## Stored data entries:
^^^^^^^^

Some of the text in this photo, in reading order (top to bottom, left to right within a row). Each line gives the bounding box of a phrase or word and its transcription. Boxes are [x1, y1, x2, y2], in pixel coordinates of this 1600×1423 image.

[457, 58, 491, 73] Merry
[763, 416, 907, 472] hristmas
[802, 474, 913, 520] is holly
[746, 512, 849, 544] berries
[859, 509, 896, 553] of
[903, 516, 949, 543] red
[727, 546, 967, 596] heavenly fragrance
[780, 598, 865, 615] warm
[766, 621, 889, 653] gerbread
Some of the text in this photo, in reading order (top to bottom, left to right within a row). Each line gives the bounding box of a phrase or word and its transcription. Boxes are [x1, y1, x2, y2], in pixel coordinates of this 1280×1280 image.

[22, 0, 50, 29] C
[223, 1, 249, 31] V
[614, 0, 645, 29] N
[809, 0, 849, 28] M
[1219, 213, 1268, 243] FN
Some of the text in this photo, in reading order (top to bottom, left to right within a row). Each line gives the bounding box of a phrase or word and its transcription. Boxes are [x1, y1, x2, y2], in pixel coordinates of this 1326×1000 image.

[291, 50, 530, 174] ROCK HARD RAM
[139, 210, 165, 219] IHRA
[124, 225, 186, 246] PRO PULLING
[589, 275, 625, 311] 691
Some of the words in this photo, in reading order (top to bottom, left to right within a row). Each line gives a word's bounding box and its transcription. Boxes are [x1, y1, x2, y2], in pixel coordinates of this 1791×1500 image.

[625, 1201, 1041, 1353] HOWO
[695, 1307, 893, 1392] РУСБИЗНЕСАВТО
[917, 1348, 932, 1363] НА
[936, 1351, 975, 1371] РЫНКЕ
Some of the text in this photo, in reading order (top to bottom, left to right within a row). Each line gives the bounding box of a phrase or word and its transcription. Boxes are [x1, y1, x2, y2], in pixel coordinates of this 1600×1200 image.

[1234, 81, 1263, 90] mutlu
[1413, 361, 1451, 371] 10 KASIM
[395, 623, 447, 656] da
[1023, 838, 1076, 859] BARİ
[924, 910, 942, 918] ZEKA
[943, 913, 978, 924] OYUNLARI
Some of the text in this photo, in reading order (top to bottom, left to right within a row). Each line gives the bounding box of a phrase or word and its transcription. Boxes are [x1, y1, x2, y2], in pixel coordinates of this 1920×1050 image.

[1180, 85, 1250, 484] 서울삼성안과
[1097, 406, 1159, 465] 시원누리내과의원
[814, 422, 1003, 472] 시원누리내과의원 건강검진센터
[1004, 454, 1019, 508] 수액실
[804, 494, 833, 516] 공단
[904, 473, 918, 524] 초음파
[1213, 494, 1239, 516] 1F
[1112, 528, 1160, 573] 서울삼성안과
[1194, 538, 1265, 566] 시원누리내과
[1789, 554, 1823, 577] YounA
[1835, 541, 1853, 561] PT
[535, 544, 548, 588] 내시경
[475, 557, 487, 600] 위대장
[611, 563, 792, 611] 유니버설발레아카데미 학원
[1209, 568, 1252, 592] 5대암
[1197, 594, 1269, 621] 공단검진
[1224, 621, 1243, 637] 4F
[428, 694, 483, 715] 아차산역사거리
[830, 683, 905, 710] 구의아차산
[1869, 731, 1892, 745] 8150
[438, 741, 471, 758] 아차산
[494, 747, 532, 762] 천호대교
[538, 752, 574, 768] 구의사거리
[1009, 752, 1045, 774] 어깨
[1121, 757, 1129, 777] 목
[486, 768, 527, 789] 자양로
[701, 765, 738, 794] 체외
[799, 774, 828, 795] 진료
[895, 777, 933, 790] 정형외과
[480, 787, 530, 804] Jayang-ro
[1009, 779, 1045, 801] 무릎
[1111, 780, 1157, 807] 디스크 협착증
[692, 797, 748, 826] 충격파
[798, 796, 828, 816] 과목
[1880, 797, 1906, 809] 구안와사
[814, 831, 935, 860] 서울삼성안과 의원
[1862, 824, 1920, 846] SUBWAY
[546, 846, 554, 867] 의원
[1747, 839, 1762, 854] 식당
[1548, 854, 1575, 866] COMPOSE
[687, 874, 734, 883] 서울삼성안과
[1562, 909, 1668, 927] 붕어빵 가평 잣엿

^^^^^^^^

## PROMPT:
Restate each entry above word for word.

## YOUR SOLUTION:
Some of the text in this photo, in reading order (top to bottom, left to right within a row). Each line gives the bounding box of a phrase or word and its transcription. Boxes are [x1, y1, x2, y2], in pixel coordinates of this 1600×1423 image.

[457, 58, 491, 73] Merry
[763, 416, 907, 472] hristmas
[802, 474, 913, 520] is holly
[746, 512, 849, 544] berries
[859, 509, 896, 553] of
[903, 516, 949, 543] red
[727, 546, 967, 596] heavenly fragrance
[780, 598, 865, 615] warm
[766, 621, 889, 653] gerbread
Some of the text in this photo, in reading order (top to bottom, left to right within a row). Each line gives the bounding box of a phrase or word and its transcription. Boxes are [x1, y1, x2, y2], in pixel coordinates of this 1280×1280 image.

[22, 0, 50, 29] C
[223, 1, 249, 31] V
[614, 0, 645, 29] N
[809, 0, 849, 28] M
[1219, 213, 1268, 243] FN
Some of the text in this photo, in reading order (top to bottom, left to right within a row). Each line gives the bounding box of a phrase or word and its transcription. Boxes are [x1, y1, x2, y2], in pixel coordinates of this 1326×1000 image.

[291, 50, 530, 174] ROCK HARD RAM
[139, 210, 165, 219] IHRA
[124, 225, 186, 246] PRO PULLING
[589, 275, 625, 311] 691
Some of the words in this photo, in reading order (top to bottom, left to right within a row). Each line gives a word's bounding box and its transcription. Boxes are [x1, y1, x2, y2], in pixel coordinates of this 1791×1500 image.

[625, 1201, 1041, 1353] HOWO
[695, 1307, 893, 1392] РУСБИЗНЕСАВТО
[917, 1348, 932, 1363] НА
[936, 1351, 975, 1371] РЫНКЕ
Some of the text in this photo, in reading order (top to bottom, left to right within a row). Each line gives the bounding box of a phrase or word and its transcription. Boxes are [x1, y1, x2, y2], in pixel coordinates of this 1600×1200 image.

[1234, 81, 1263, 90] mutlu
[1413, 361, 1451, 371] 10 KASIM
[395, 623, 447, 656] da
[1023, 838, 1076, 859] BARİ
[924, 910, 942, 918] ZEKA
[943, 913, 978, 924] OYUNLARI
Some of the text in this photo, in reading order (top to bottom, left to right within a row). Each line gives the bounding box of a phrase or word and its transcription. Boxes are [x1, y1, x2, y2], in pixel coordinates of this 1920×1050 image.

[1180, 85, 1250, 484] 서울삼성안과
[1097, 406, 1159, 465] 시원누리내과의원
[814, 422, 1003, 472] 시원누리내과의원 건강검진센터
[1004, 454, 1019, 508] 수액실
[804, 494, 833, 516] 공단
[904, 473, 918, 524] 초음파
[1213, 494, 1239, 516] 1F
[1112, 528, 1160, 573] 서울삼성안과
[1194, 538, 1265, 566] 시원누리내과
[1789, 554, 1823, 577] YounA
[1835, 541, 1853, 561] PT
[535, 544, 548, 588] 내시경
[475, 557, 487, 600] 위대장
[611, 563, 792, 611] 유니버설발레아카데미 학원
[1209, 568, 1252, 592] 5대암
[1197, 594, 1269, 621] 공단검진
[1224, 621, 1243, 637] 4F
[428, 694, 483, 715] 아차산역사거리
[830, 683, 905, 710] 구의아차산
[1869, 731, 1892, 745] 8150
[438, 741, 471, 758] 아차산
[494, 747, 532, 762] 천호대교
[538, 752, 574, 768] 구의사거리
[1009, 752, 1045, 774] 어깨
[1121, 757, 1129, 777] 목
[486, 768, 527, 789] 자양로
[701, 765, 738, 794] 체외
[799, 774, 828, 795] 진료
[895, 777, 933, 790] 정형외과
[480, 787, 530, 804] Jayang-ro
[1009, 779, 1045, 801] 무릎
[1111, 780, 1157, 807] 디스크 협착증
[692, 797, 748, 826] 충격파
[798, 796, 828, 816] 과목
[1880, 797, 1906, 809] 구안와사
[814, 831, 935, 860] 서울삼성안과 의원
[1862, 824, 1920, 846] SUBWAY
[546, 846, 554, 867] 의원
[1747, 839, 1762, 854] 식당
[1548, 854, 1575, 866] COMPOSE
[687, 874, 734, 883] 서울삼성안과
[1562, 909, 1668, 927] 붕어빵 가평 잣엿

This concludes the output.